São Paulo - O fundador do Wikileaks, Julian Assange, agradeceu ao governo do Equador por examinar o pedido de asilo político que apresentou quando se abrigou na representação diplomática do país sul-americano em Londres, ontem.
''Agradeço ao governo do Equador e ao embaixador no Reino Unido por considerar meu pedido'', declarou Assange, em comunicado à imprensa, após Quito anunciar que estuda o pedido.
Mais cedo, o chanceler equatoriano, Ricardo PatiÀo, informou que Assange enviou uma carta ao presidente do país andino, Rafael Correa, na qual afirma sofrer ''perseguição'' e, por isso, pede asilo político.
Um porta-voz da embaixada confirmou a informação sobre o pedido de Assange, que pediu asilo político para evitar sua extradição à Suécia, onde é acusado de crimes sexuais.

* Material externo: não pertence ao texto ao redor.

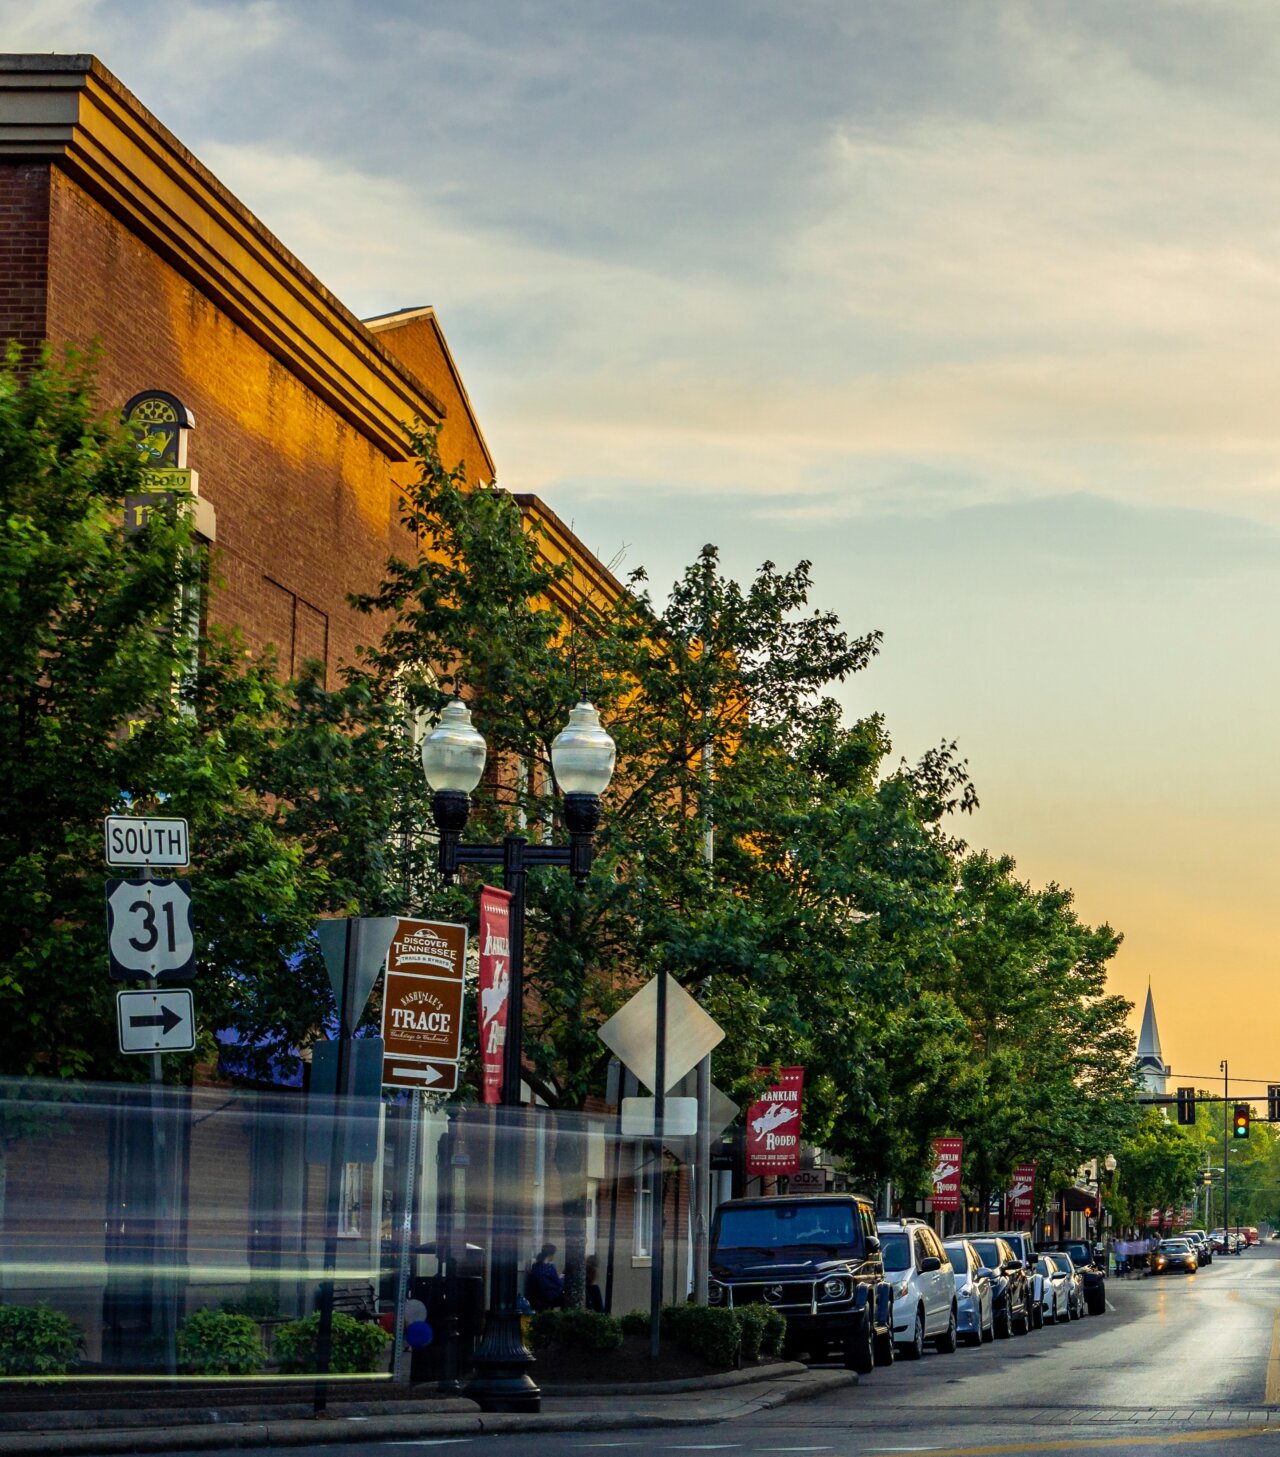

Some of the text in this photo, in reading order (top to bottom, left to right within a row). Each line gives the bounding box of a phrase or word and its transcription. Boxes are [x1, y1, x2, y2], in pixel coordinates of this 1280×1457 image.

Os Estados Unidos consideram que o pedido de asilo ''é um assunto entre Suécia, Reino Unido e o próprio Equador'', disse William Ostick, porta-voz do Departamento de Estado americano para Assuntos Hemisféricos.
''A perseguição da qual sou alvo em diversos países deriva não só de minhas ideias e ações, mas de meu trabalho ao publicar informações que comprometem os poderosos, de publicar a verdade e, com isso, desmascarar corrupção e graves abusos aos direitos humanos ao redor do mundo'', indica Assange na carta lida pelo chanceler.